# Exercise objective
Copy every record exactly, and keep the pictures out.

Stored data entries
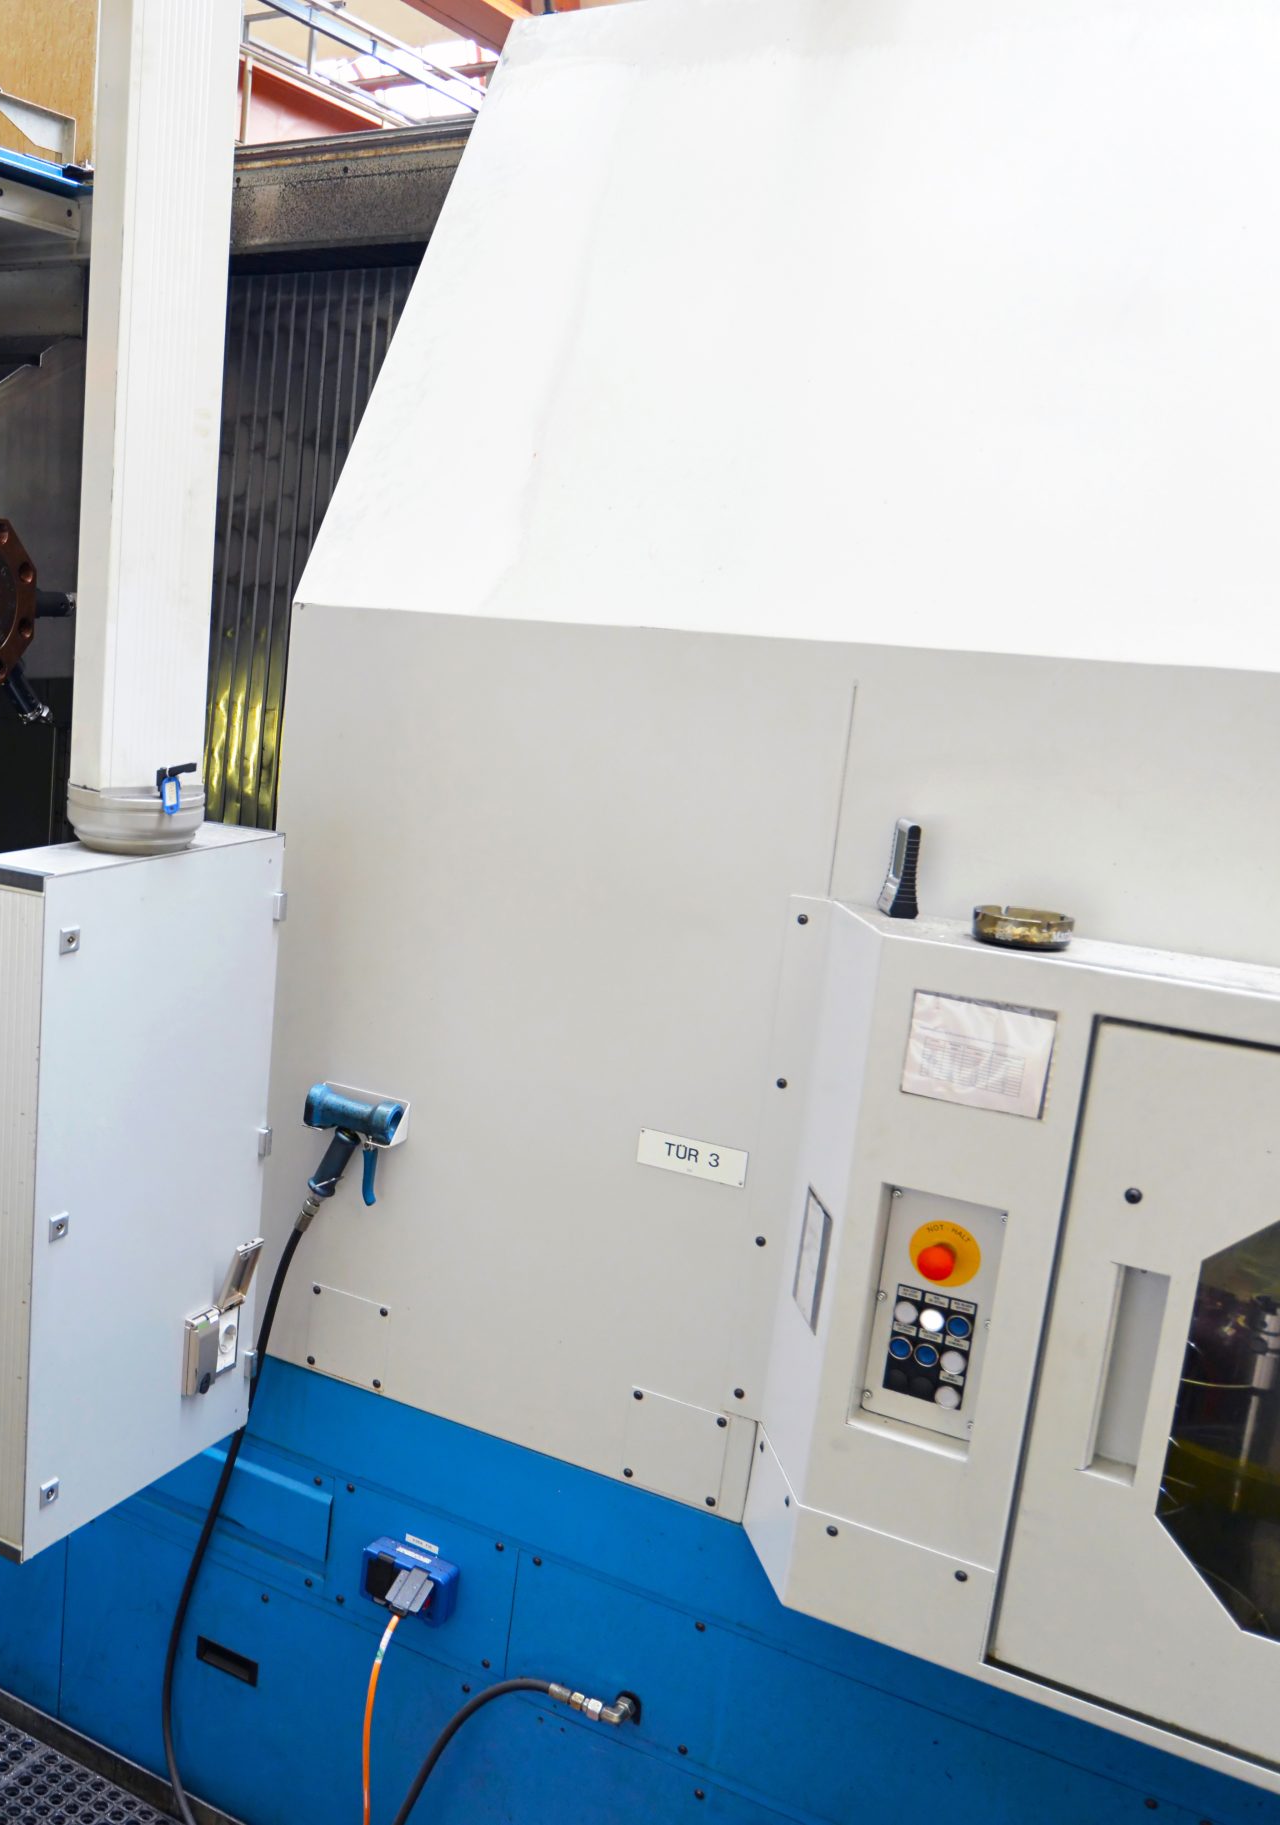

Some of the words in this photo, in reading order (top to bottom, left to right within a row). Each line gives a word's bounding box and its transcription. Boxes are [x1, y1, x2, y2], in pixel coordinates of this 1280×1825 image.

[664, 1141, 699, 1163] TÜR
[708, 1152, 721, 1168] 3
[926, 1224, 944, 1233] NOT
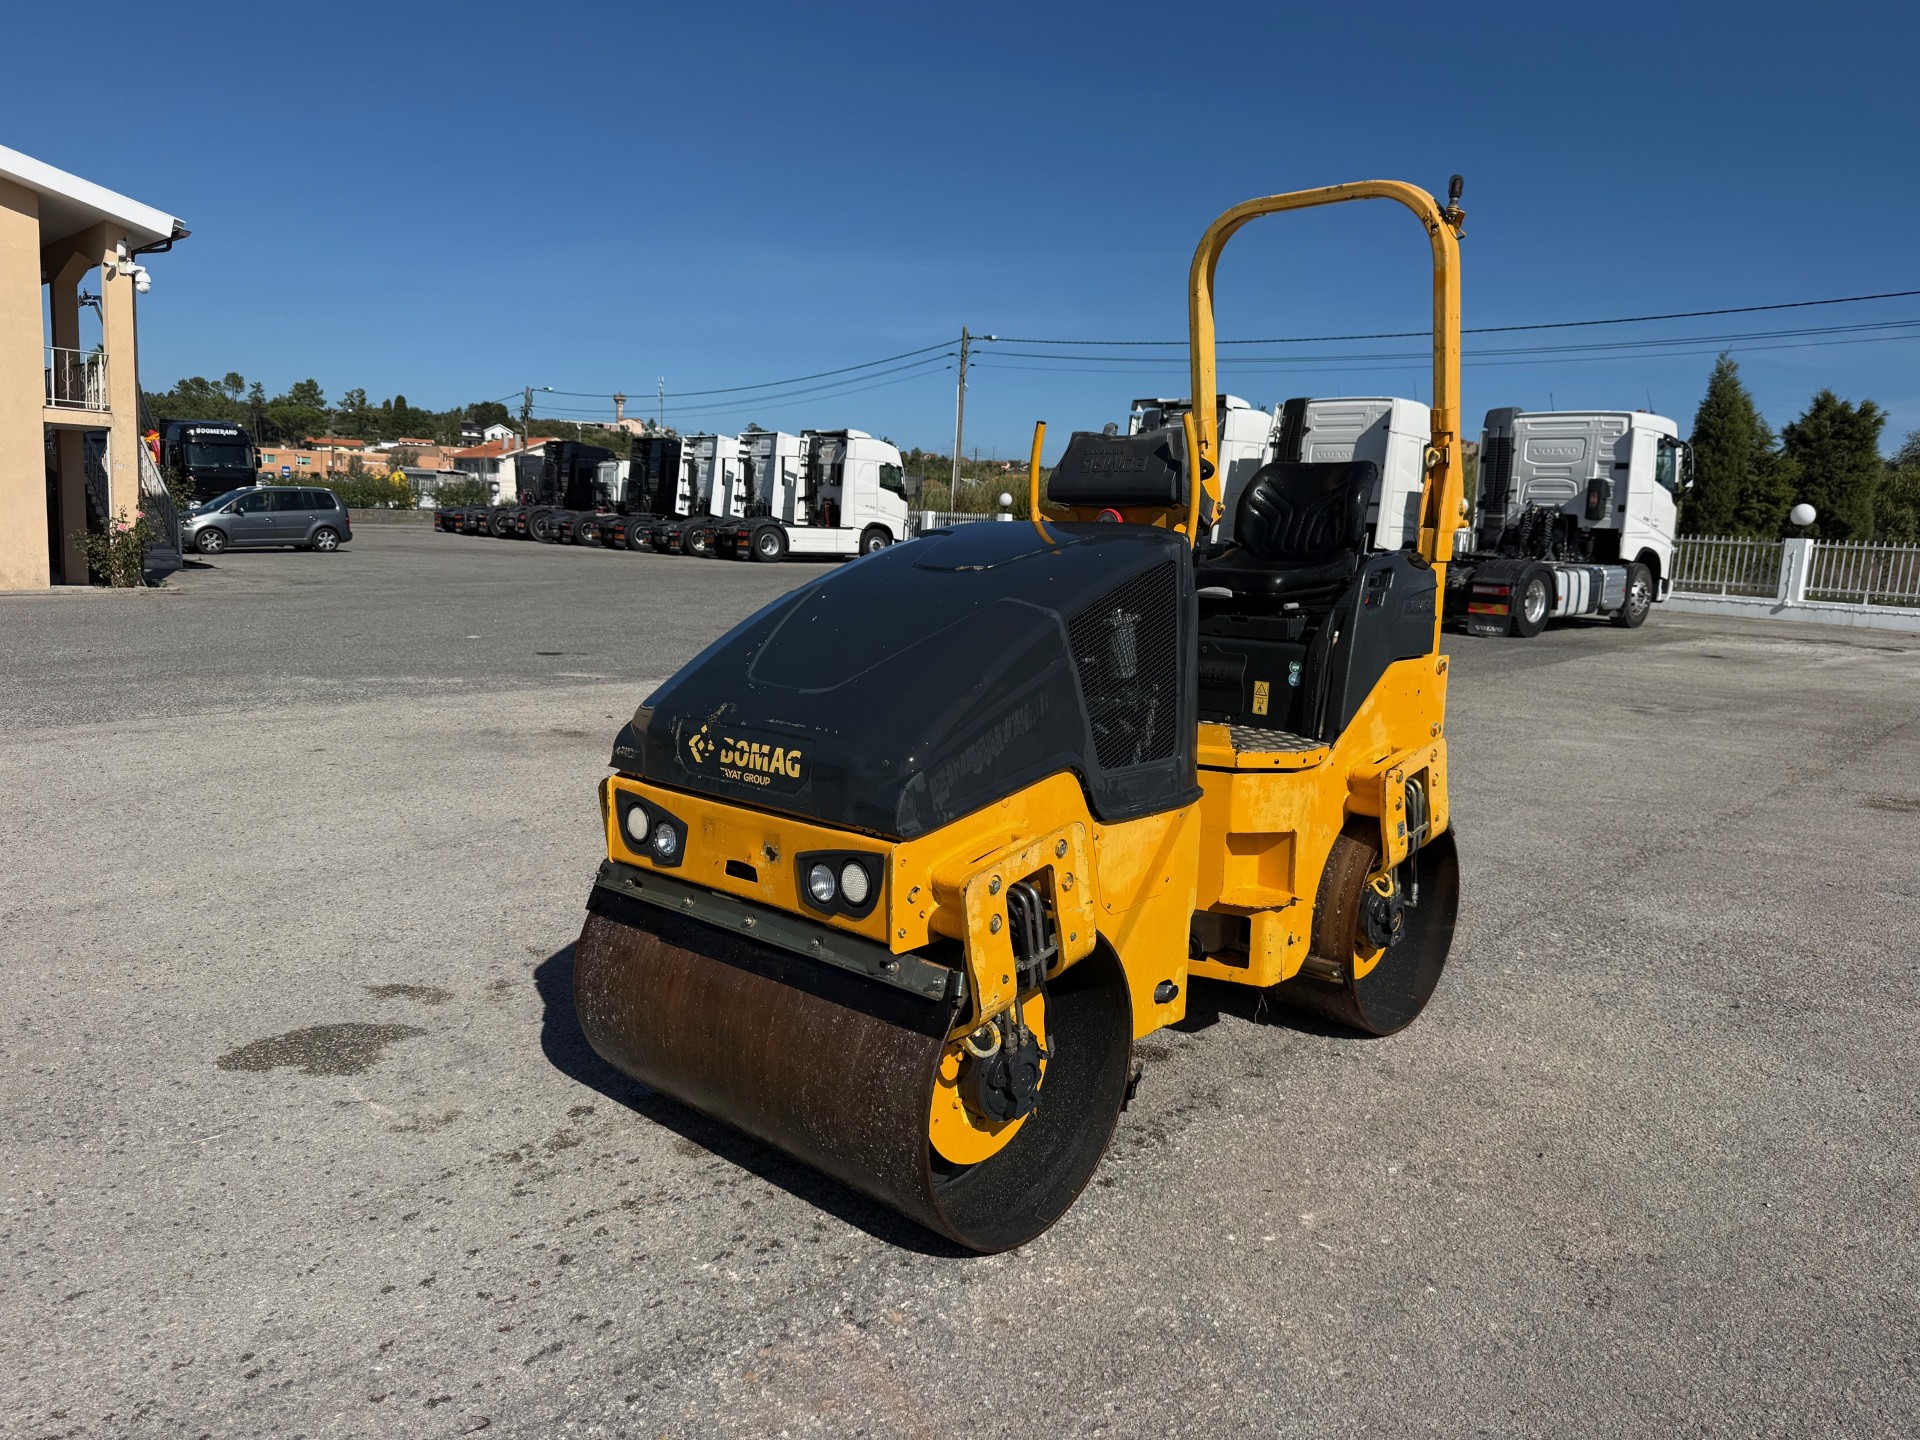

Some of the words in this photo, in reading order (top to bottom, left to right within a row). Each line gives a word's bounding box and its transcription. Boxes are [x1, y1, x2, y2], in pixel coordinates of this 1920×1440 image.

[1316, 450, 1353, 459] VOLVO
[1533, 447, 1577, 456] VOLVO
[1474, 624, 1504, 633] VOLVO
[720, 736, 802, 778] BOMAG
[743, 772, 771, 786] GROUP
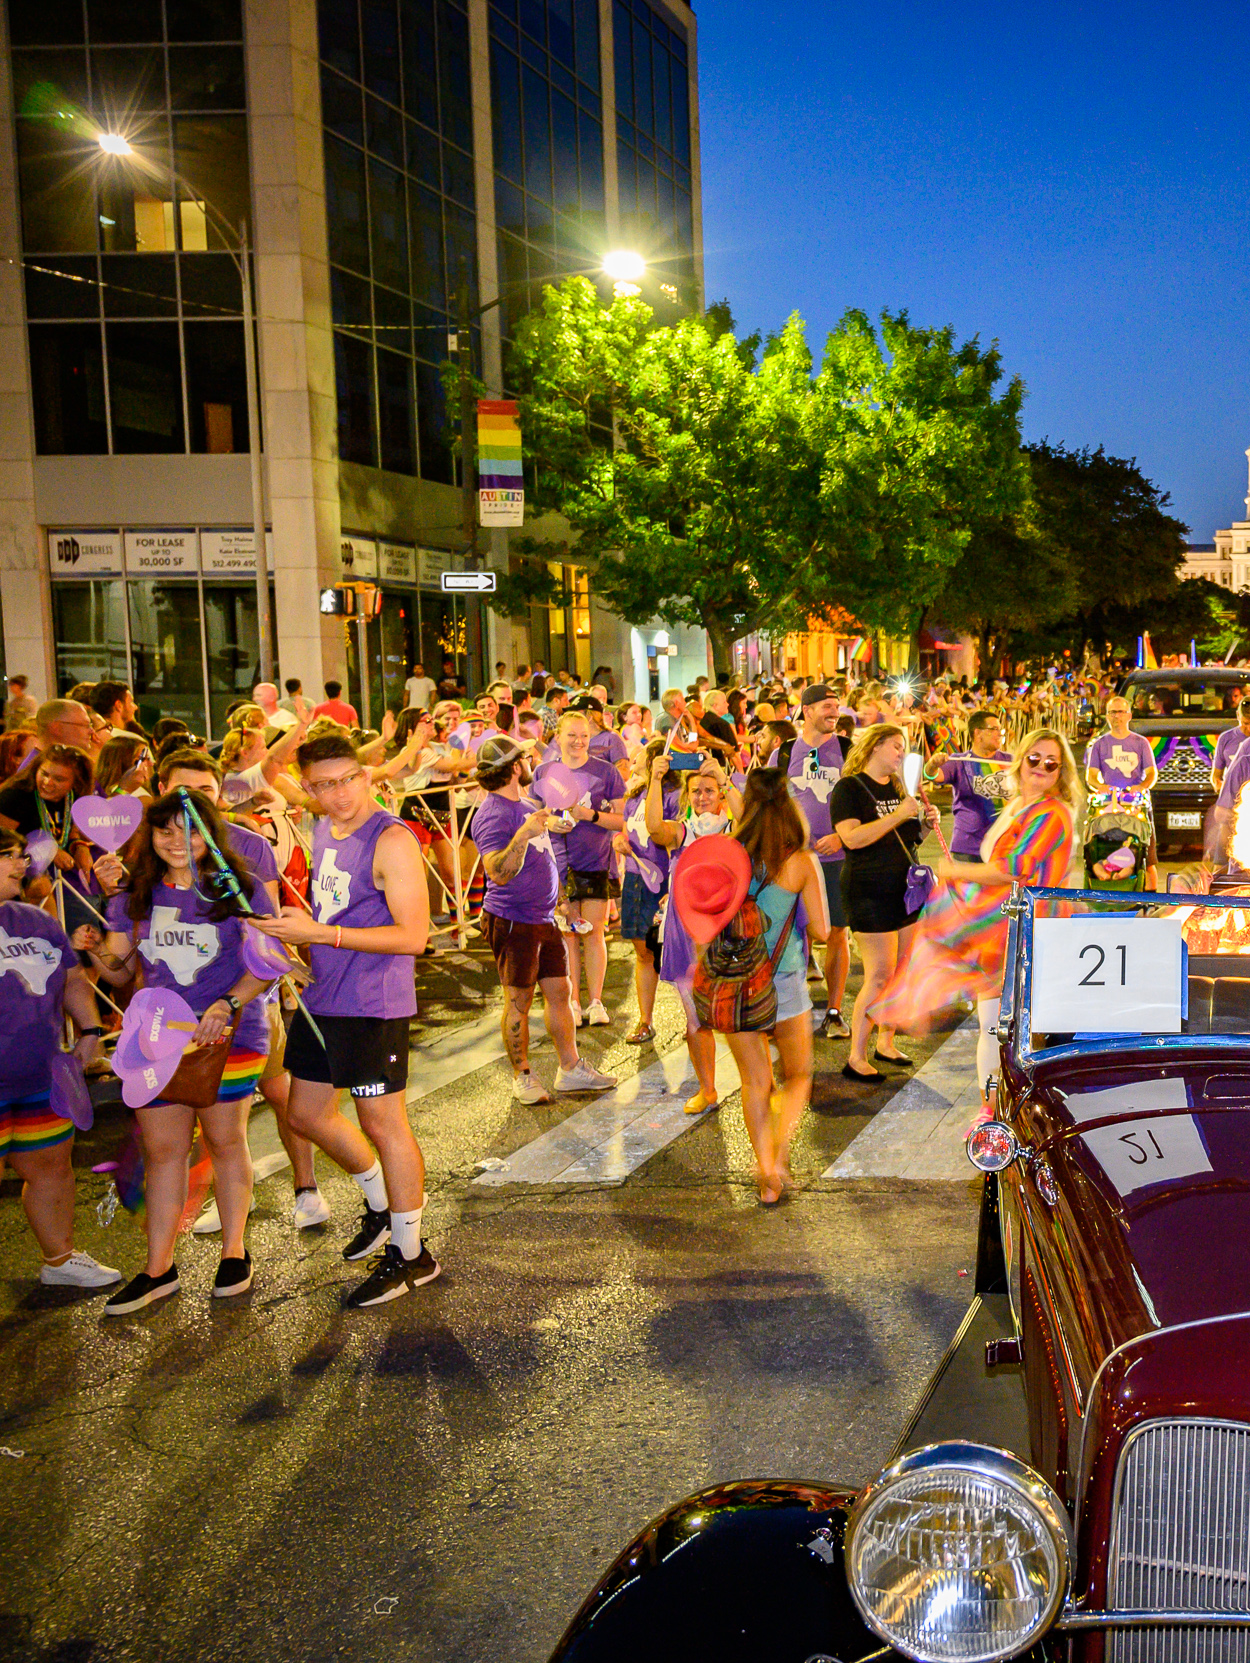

# Response to this exercise
Some of the words in this photo, in reading order (top to bottom, left to right within a row). Each line gives a word's bounding box and its transcription. Boxes are [x1, y1, x2, y2], in pixel coordinates of this 1280×1825 image.

[664, 1141, 699, 1163] TÜR
[708, 1152, 721, 1168] 3
[926, 1224, 944, 1233] NOT

Some of the words in this photo, in reading order (top to bottom, left to right within a row). Each line gives a word's bounding box and its transcription. Boxes are [x1, y1, x2, y2], in pixel coordinates of this 1920×1440 image.

[1316, 450, 1353, 459] VOLVO
[1533, 447, 1577, 456] VOLVO
[1474, 624, 1504, 633] VOLVO
[720, 736, 802, 778] BOMAG
[743, 772, 771, 786] GROUP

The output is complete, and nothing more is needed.